- **Items listed in a dataset**
+ + + +

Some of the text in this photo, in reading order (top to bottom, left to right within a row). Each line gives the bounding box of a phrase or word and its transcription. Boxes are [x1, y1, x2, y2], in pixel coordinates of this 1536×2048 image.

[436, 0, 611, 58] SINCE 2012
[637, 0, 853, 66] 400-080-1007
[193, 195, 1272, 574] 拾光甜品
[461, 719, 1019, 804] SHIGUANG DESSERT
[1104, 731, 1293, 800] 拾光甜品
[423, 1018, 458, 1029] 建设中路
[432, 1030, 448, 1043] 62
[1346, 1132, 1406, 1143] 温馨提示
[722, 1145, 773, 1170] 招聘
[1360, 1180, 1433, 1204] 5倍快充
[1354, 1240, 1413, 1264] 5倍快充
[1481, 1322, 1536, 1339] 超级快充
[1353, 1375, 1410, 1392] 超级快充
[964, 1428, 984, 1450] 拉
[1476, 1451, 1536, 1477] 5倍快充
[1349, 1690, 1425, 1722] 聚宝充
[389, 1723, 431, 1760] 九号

+ + + +

- **Task**
Write every entry out again, exactly as it stands.

- **Answer section**
Some of the text in this photo, in reading order (top to bottom, left to right within a row). Each line gives the bounding box of a phrase or word and its transcription. Boxes are [x1, y1, x2, y2], in pixel coordinates of this 1536×2048 image.

[436, 0, 611, 58] SINCE 2012
[637, 0, 853, 66] 400-080-1007
[193, 195, 1272, 574] 拾光甜品
[461, 719, 1019, 804] SHIGUANG DESSERT
[1104, 731, 1293, 800] 拾光甜品
[423, 1018, 458, 1029] 建设中路
[432, 1030, 448, 1043] 62
[1346, 1132, 1406, 1143] 温馨提示
[722, 1145, 773, 1170] 招聘
[1360, 1180, 1433, 1204] 5倍快充
[1354, 1240, 1413, 1264] 5倍快充
[1481, 1322, 1536, 1339] 超级快充
[1353, 1375, 1410, 1392] 超级快充
[964, 1428, 984, 1450] 拉
[1476, 1451, 1536, 1477] 5倍快充
[1349, 1690, 1425, 1722] 聚宝充
[389, 1723, 431, 1760] 九号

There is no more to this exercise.